Not a fertile policy – The Hindu BusinessLine

The Centre’s decision to usher in a “One Nation, One Fertilizer” scheme, in which all fertilizer manufacturers will be required to sell their products under a single “Bharat” brand, does not seem well thought out, just as it will also be difficult to implement. The policy, if enforced, could prove a serious impediment to India’s bid for Atmanirbharta in fertilizers, as it could actively discourage private players from engaging in new projects in the coming years. . With nearly every aspect of fertilizer manufacturing controlled by the government, the sector already has very few private players who have survived the vicissitudes of fanciful politics.

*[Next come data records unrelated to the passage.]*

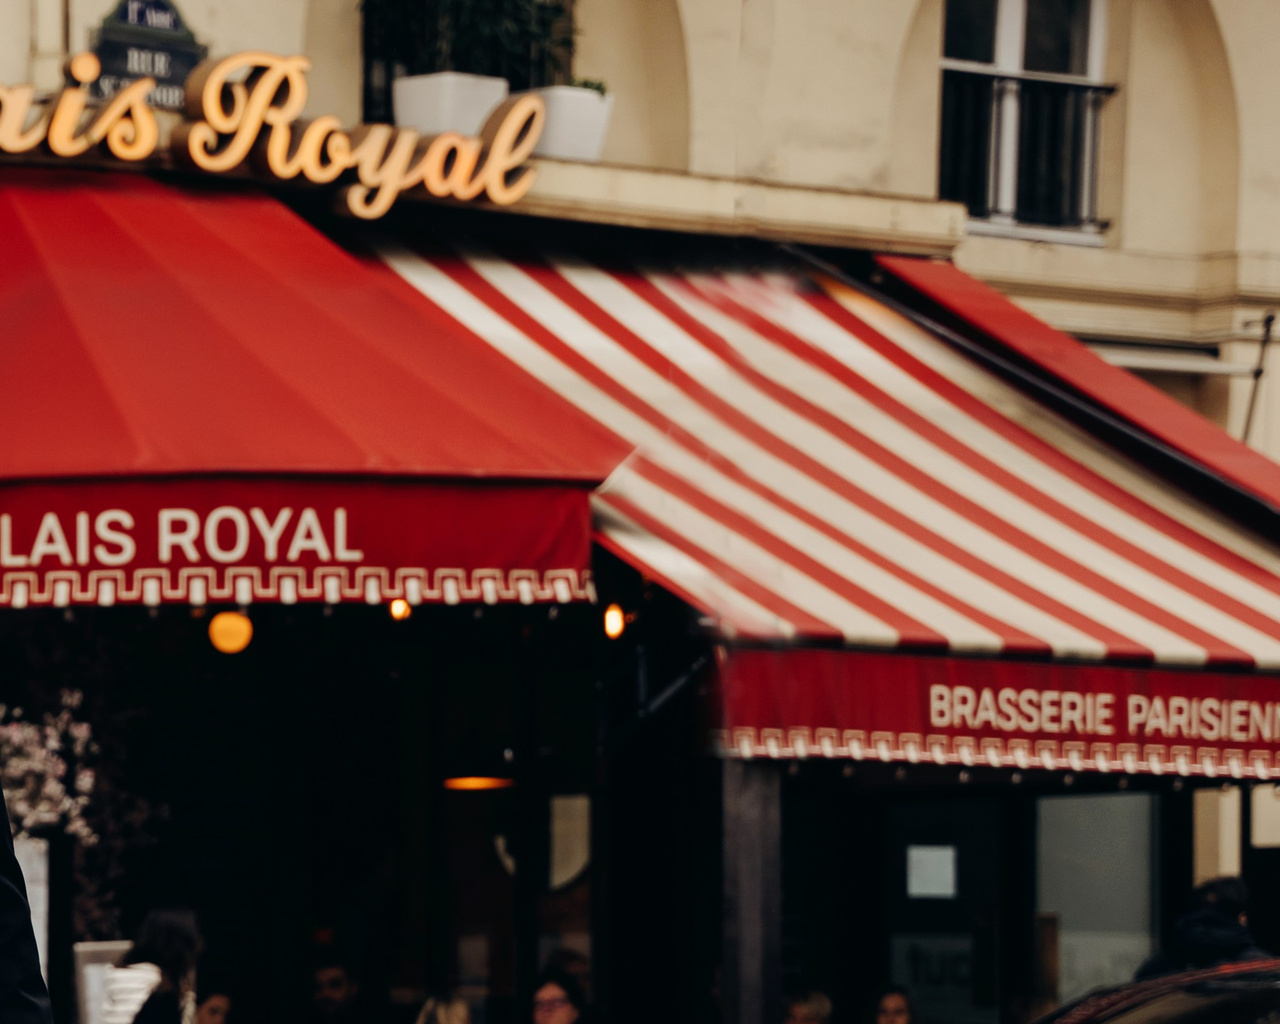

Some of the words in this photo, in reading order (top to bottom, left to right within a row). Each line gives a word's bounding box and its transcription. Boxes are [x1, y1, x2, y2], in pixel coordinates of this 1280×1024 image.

[188, 50, 546, 220] Royal
[158, 506, 364, 563] ROYAL
[929, 684, 1115, 735] BRASSERIE
[1127, 694, 1280, 742] PARISIEN
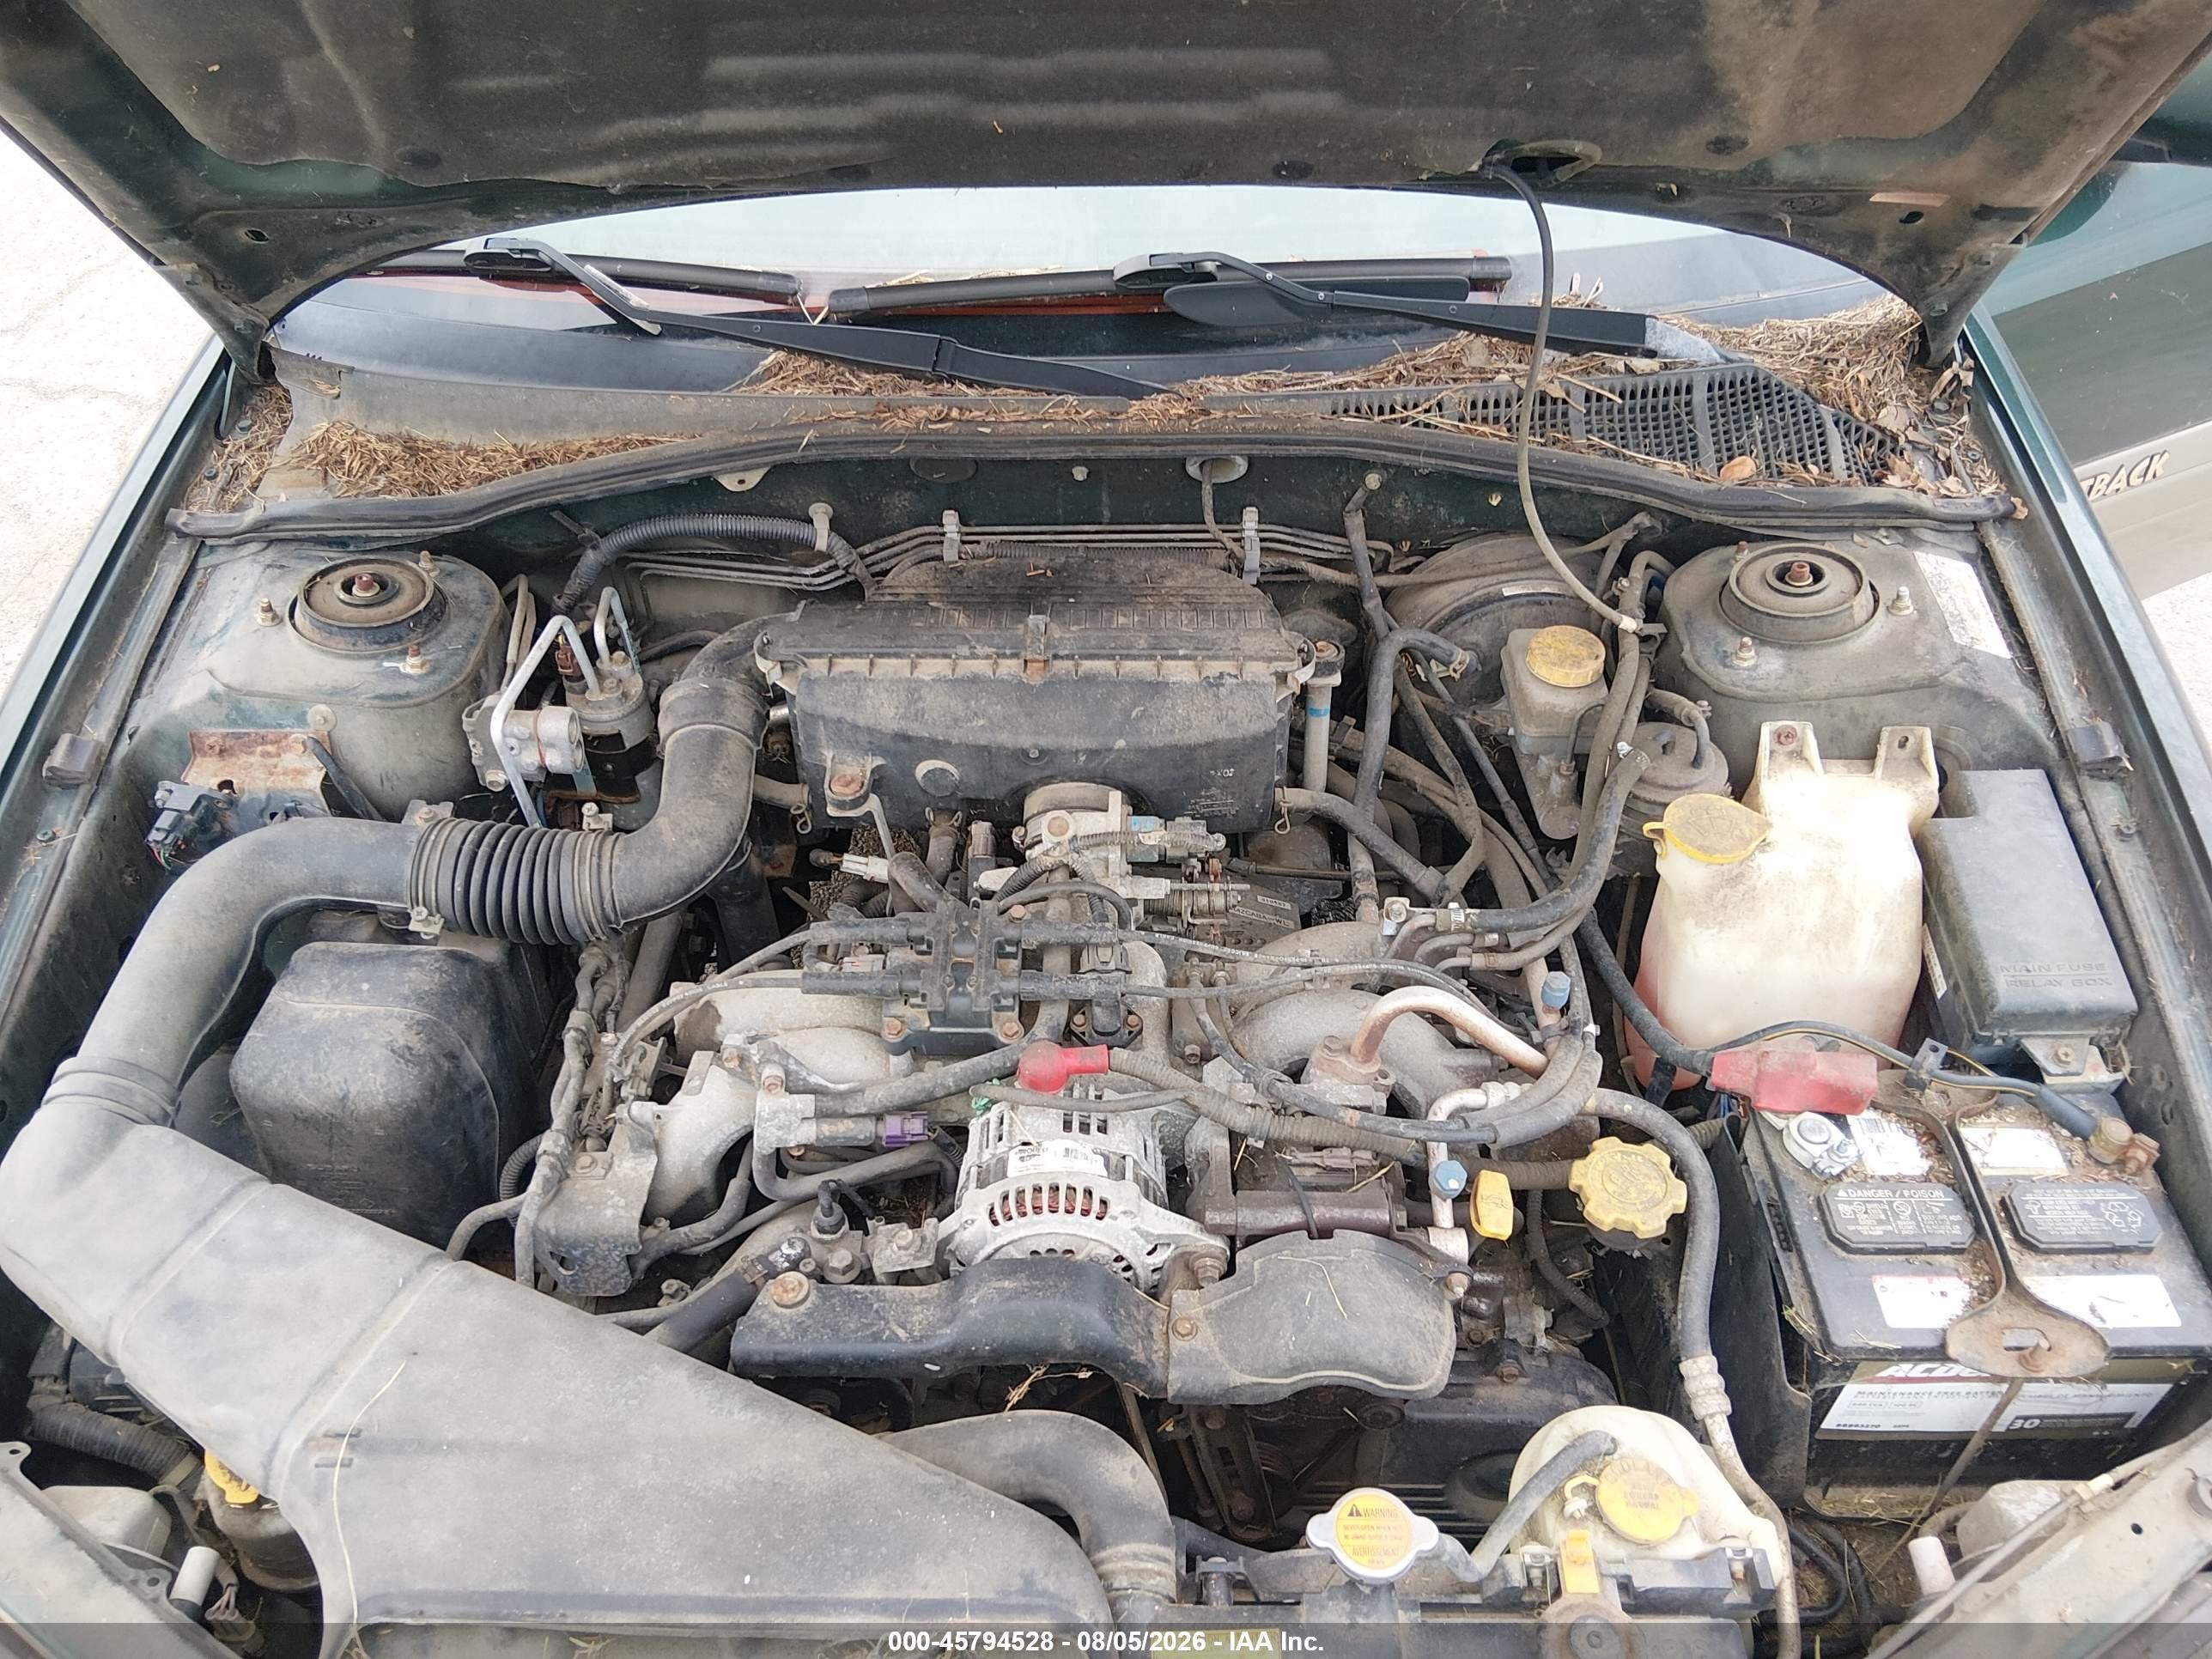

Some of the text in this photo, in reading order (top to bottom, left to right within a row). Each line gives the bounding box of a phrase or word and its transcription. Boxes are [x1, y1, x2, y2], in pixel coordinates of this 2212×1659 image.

[2000, 962, 2106, 973] MAIN FUSE
[2006, 977, 2114, 988] RELAY BOX
[1847, 1189, 1893, 1198] DANGER
[1903, 1188, 1945, 1199] POISON
[2008, 1419, 2041, 1430] 30
[1363, 1508, 1399, 1518] WARNING

The concept note proposing to compel all urea manufacturers to sell their products under a single brand of Bharat Urea, appears to be driven by the good intention of reducing the subsidy bill which is now close to ₹1.5 lakh crore. The selling price of urea is legally capped at 10-20 percent of production costs. Under the new 2012 investment policy, urea units can be set up, with the government providing subsidies to manufacturers based on production costs plus a guaranteed 12% return on equity. The aim is to allow producers to sell urea at artificially low prices. An additional freight component has been added to this subsidy to help manufacturers get their products to the end user. The new policy now argues that since urea is essentially a commodity with negligible differentiation between players, producers do not really need to transport their fertilizers across the country. He believes that if manufacturers stop selling urea under individual brands, there would be no need for an IFFCO to move its urea from UP to Rajasthan or for a Chambal Fertilizers to sell in UP, thus saving on the subsidies of transportation of about ₹3,000 crore per year. . The rating, however, does not take into account the deleterious impact that the complete commoditization of a manufactured product could have on players’ motivation to stay in business. With capped sales prices and all aspects of operations – from product pricing and cost structure to geographic distribution and sales – micromanaged by the government, urea manufacturing is already a very unattractive business. for any for-profit actor. Many private players such as Tatas and Indo Gulf Fertilizers have left the business in recent years. Closing the door on even basic added value through branding might just be the last straw on the camel’s back.

For the Center to make material savings on its subsidy bill, a much simpler solution exists. It can give the subsidy directly to farmers, remove control of urea and leave pricing to market forces. With direct benefit transfers now established as a practical means of providing leak-proof subsidies to targeted beneficiaries, the Center should consider moving urea to a DBT scheme that reimburses smallholder farmers for their actual use of ‘fertilizer.